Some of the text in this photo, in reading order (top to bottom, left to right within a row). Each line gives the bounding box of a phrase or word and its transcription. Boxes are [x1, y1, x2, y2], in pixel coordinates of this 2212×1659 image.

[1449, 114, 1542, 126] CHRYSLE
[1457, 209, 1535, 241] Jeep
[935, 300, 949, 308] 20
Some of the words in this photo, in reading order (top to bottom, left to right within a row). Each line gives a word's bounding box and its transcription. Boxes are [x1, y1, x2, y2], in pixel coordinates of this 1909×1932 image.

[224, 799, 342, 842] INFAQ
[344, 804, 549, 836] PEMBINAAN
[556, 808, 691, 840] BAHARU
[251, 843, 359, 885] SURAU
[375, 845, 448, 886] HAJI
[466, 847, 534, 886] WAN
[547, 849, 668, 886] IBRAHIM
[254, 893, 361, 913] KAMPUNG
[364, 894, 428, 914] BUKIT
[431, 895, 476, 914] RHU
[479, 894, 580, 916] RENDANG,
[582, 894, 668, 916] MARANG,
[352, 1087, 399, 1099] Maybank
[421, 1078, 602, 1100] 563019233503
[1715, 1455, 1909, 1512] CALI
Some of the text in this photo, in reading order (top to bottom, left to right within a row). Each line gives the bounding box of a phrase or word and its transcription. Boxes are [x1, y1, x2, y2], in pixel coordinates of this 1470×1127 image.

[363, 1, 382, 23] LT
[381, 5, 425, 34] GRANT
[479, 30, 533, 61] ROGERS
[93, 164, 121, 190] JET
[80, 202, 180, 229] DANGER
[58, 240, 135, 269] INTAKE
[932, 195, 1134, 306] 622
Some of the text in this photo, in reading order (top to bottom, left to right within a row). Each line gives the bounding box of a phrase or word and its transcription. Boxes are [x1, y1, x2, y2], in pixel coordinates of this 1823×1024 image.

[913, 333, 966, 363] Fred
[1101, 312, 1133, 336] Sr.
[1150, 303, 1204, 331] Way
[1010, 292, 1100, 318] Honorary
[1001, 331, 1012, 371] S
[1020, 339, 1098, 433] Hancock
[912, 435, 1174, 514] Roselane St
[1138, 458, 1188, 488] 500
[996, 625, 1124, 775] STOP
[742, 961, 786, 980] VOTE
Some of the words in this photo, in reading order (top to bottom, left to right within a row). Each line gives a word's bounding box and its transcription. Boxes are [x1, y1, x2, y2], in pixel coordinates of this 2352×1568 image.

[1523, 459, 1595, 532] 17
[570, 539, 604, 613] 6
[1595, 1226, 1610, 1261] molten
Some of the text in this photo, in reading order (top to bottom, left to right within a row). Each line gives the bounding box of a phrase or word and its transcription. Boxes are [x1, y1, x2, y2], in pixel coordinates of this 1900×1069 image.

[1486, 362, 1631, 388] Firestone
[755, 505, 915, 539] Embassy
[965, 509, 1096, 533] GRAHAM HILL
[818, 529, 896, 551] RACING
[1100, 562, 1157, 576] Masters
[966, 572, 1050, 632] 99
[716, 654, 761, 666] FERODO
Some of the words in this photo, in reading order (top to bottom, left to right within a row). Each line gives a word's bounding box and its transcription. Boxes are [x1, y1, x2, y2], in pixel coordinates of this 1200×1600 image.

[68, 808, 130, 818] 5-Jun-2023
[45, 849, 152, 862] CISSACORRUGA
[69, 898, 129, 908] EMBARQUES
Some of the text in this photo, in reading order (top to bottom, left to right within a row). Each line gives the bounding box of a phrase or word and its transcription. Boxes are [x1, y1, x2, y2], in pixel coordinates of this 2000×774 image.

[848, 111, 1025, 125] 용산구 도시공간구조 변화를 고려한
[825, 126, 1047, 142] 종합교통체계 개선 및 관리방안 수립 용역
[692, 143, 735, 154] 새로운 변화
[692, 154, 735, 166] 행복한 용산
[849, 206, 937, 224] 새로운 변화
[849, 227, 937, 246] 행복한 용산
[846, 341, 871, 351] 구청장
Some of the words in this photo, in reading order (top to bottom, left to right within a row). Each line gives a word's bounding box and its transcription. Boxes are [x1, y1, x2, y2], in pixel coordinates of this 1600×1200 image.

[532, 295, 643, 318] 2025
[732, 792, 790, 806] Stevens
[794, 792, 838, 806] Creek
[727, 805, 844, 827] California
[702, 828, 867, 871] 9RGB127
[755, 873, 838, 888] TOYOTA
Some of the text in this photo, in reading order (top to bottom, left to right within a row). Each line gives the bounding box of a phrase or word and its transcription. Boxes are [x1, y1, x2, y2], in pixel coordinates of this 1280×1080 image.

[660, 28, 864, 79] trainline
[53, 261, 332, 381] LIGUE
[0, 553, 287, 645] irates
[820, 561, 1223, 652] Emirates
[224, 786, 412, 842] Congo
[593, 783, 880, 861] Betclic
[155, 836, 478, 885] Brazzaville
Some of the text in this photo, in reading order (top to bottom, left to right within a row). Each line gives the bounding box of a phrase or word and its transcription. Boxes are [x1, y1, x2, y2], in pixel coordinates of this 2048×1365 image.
########################################
TASK:
Could you output every entry above exactly as it stands?

EXERCISE OUTPUT:
Some of the text in this photo, in reading order (top to bottom, left to right within a row). Each line gives the bounding box of a phrase or word and its transcription. Boxes are [x1, y1, x2, y2], in pixel coordinates of this 2212×1659 image.

[1449, 114, 1542, 126] CHRYSLE
[1457, 209, 1535, 241] Jeep
[935, 300, 949, 308] 20
Some of the words in this photo, in reading order (top to bottom, left to right within a row). Each line gives a word's bounding box and its transcription. Boxes are [x1, y1, x2, y2], in pixel coordinates of this 1909×1932 image.

[224, 799, 342, 842] INFAQ
[344, 804, 549, 836] PEMBINAAN
[556, 808, 691, 840] BAHARU
[251, 843, 359, 885] SURAU
[375, 845, 448, 886] HAJI
[466, 847, 534, 886] WAN
[547, 849, 668, 886] IBRAHIM
[254, 893, 361, 913] KAMPUNG
[364, 894, 428, 914] BUKIT
[431, 895, 476, 914] RHU
[479, 894, 580, 916] RENDANG,
[582, 894, 668, 916] MARANG,
[352, 1087, 399, 1099] Maybank
[421, 1078, 602, 1100] 563019233503
[1715, 1455, 1909, 1512] CALI
Some of the text in this photo, in reading order (top to bottom, left to right within a row). Each line gives the bounding box of a phrase or word and its transcription. Boxes are [x1, y1, x2, y2], in pixel coordinates of this 1470×1127 image.

[363, 1, 382, 23] LT
[381, 5, 425, 34] GRANT
[479, 30, 533, 61] ROGERS
[93, 164, 121, 190] JET
[80, 202, 180, 229] DANGER
[58, 240, 135, 269] INTAKE
[932, 195, 1134, 306] 622
Some of the text in this photo, in reading order (top to bottom, left to right within a row). Each line gives the bounding box of a phrase or word and its transcription. Boxes are [x1, y1, x2, y2], in pixel coordinates of this 1823×1024 image.

[913, 333, 966, 363] Fred
[1101, 312, 1133, 336] Sr.
[1150, 303, 1204, 331] Way
[1010, 292, 1100, 318] Honorary
[1001, 331, 1012, 371] S
[1020, 339, 1098, 433] Hancock
[912, 435, 1174, 514] Roselane St
[1138, 458, 1188, 488] 500
[996, 625, 1124, 775] STOP
[742, 961, 786, 980] VOTE
Some of the words in this photo, in reading order (top to bottom, left to right within a row). Each line gives a word's bounding box and its transcription. Boxes are [x1, y1, x2, y2], in pixel coordinates of this 2352×1568 image.

[1523, 459, 1595, 532] 17
[570, 539, 604, 613] 6
[1595, 1226, 1610, 1261] molten
Some of the text in this photo, in reading order (top to bottom, left to right within a row). Each line gives the bounding box of a phrase or word and its transcription. Boxes are [x1, y1, x2, y2], in pixel coordinates of this 1900×1069 image.

[1486, 362, 1631, 388] Firestone
[755, 505, 915, 539] Embassy
[965, 509, 1096, 533] GRAHAM HILL
[818, 529, 896, 551] RACING
[1100, 562, 1157, 576] Masters
[966, 572, 1050, 632] 99
[716, 654, 761, 666] FERODO
Some of the words in this photo, in reading order (top to bottom, left to right within a row). Each line gives a word's bounding box and its transcription. Boxes are [x1, y1, x2, y2], in pixel coordinates of this 1200×1600 image.

[68, 808, 130, 818] 5-Jun-2023
[45, 849, 152, 862] CISSACORRUGA
[69, 898, 129, 908] EMBARQUES
Some of the text in this photo, in reading order (top to bottom, left to right within a row). Each line gives the bounding box of a phrase or word and its transcription. Boxes are [x1, y1, x2, y2], in pixel coordinates of this 2000×774 image.

[848, 111, 1025, 125] 용산구 도시공간구조 변화를 고려한
[825, 126, 1047, 142] 종합교통체계 개선 및 관리방안 수립 용역
[692, 143, 735, 154] 새로운 변화
[692, 154, 735, 166] 행복한 용산
[849, 206, 937, 224] 새로운 변화
[849, 227, 937, 246] 행복한 용산
[846, 341, 871, 351] 구청장
Some of the words in this photo, in reading order (top to bottom, left to right within a row). Each line gives a word's bounding box and its transcription. Boxes are [x1, y1, x2, y2], in pixel coordinates of this 1600×1200 image.

[532, 295, 643, 318] 2025
[732, 792, 790, 806] Stevens
[794, 792, 838, 806] Creek
[727, 805, 844, 827] California
[702, 828, 867, 871] 9RGB127
[755, 873, 838, 888] TOYOTA
Some of the text in this photo, in reading order (top to bottom, left to right within a row). Each line gives the bounding box of a phrase or word and its transcription. Boxes are [x1, y1, x2, y2], in pixel coordinates of this 1280×1080 image.

[660, 28, 864, 79] trainline
[53, 261, 332, 381] LIGUE
[0, 553, 287, 645] irates
[820, 561, 1223, 652] Emirates
[224, 786, 412, 842] Congo
[593, 783, 880, 861] Betclic
[155, 836, 478, 885] Brazzaville
Some of the text in this photo, in reading order (top to bottom, left to right within a row). Each line gives the bounding box of a phrase or word and its transcription. Boxes are [x1, y1, x2, y2], in pixel coordinates of this 2048×1365 image.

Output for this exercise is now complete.